• What to work on
Restate the whole of the data verbatim, omitting nothing.

[Records from a data collection]
════════════════════

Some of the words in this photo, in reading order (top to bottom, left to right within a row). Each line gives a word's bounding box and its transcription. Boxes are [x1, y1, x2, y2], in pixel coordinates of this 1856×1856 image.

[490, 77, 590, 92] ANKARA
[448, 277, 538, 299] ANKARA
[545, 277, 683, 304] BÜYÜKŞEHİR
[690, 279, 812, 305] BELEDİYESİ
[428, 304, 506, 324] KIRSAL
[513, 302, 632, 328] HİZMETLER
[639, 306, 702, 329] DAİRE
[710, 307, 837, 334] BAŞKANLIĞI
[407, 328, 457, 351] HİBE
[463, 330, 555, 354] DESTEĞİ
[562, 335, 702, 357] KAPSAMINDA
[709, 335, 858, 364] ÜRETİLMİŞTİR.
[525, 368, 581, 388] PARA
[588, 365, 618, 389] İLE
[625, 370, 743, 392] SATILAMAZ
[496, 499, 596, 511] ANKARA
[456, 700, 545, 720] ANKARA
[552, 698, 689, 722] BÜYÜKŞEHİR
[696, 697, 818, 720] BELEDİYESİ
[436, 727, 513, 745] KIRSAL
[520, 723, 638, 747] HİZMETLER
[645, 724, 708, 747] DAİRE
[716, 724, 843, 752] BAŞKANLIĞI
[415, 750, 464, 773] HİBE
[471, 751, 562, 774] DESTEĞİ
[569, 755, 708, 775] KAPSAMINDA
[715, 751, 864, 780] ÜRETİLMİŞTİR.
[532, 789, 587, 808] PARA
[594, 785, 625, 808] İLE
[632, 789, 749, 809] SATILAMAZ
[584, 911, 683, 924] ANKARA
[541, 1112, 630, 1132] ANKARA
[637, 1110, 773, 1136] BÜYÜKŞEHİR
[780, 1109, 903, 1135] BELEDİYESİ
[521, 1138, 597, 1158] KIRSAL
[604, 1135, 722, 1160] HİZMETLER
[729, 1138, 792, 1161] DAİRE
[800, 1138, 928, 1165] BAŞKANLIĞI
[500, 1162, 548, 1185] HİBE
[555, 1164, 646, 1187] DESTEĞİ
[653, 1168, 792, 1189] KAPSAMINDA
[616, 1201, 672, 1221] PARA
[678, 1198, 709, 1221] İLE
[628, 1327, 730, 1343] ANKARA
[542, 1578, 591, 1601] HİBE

════════════════════

• Problem solution
Some of the words in this photo, in reading order (top to bottom, left to right within a row). Each line gives a word's bounding box and its transcription. Boxes are [x1, y1, x2, y2], in pixel coordinates of this 1856×1856 image.

[490, 77, 590, 92] ANKARA
[448, 277, 538, 299] ANKARA
[545, 277, 683, 304] BÜYÜKŞEHİR
[690, 279, 812, 305] BELEDİYESİ
[428, 304, 506, 324] KIRSAL
[513, 302, 632, 328] HİZMETLER
[639, 306, 702, 329] DAİRE
[710, 307, 837, 334] BAŞKANLIĞI
[407, 328, 457, 351] HİBE
[463, 330, 555, 354] DESTEĞİ
[562, 335, 702, 357] KAPSAMINDA
[709, 335, 858, 364] ÜRETİLMİŞTİR.
[525, 368, 581, 388] PARA
[588, 365, 618, 389] İLE
[625, 370, 743, 392] SATILAMAZ
[496, 499, 596, 511] ANKARA
[456, 700, 545, 720] ANKARA
[552, 698, 689, 722] BÜYÜKŞEHİR
[696, 697, 818, 720] BELEDİYESİ
[436, 727, 513, 745] KIRSAL
[520, 723, 638, 747] HİZMETLER
[645, 724, 708, 747] DAİRE
[716, 724, 843, 752] BAŞKANLIĞI
[415, 750, 464, 773] HİBE
[471, 751, 562, 774] DESTEĞİ
[569, 755, 708, 775] KAPSAMINDA
[715, 751, 864, 780] ÜRETİLMİŞTİR.
[532, 789, 587, 808] PARA
[594, 785, 625, 808] İLE
[632, 789, 749, 809] SATILAMAZ
[584, 911, 683, 924] ANKARA
[541, 1112, 630, 1132] ANKARA
[637, 1110, 773, 1136] BÜYÜKŞEHİR
[780, 1109, 903, 1135] BELEDİYESİ
[521, 1138, 597, 1158] KIRSAL
[604, 1135, 722, 1160] HİZMETLER
[729, 1138, 792, 1161] DAİRE
[800, 1138, 928, 1165] BAŞKANLIĞI
[500, 1162, 548, 1185] HİBE
[555, 1164, 646, 1187] DESTEĞİ
[653, 1168, 792, 1189] KAPSAMINDA
[616, 1201, 672, 1221] PARA
[678, 1198, 709, 1221] İLE
[628, 1327, 730, 1343] ANKARA
[542, 1578, 591, 1601] HİBE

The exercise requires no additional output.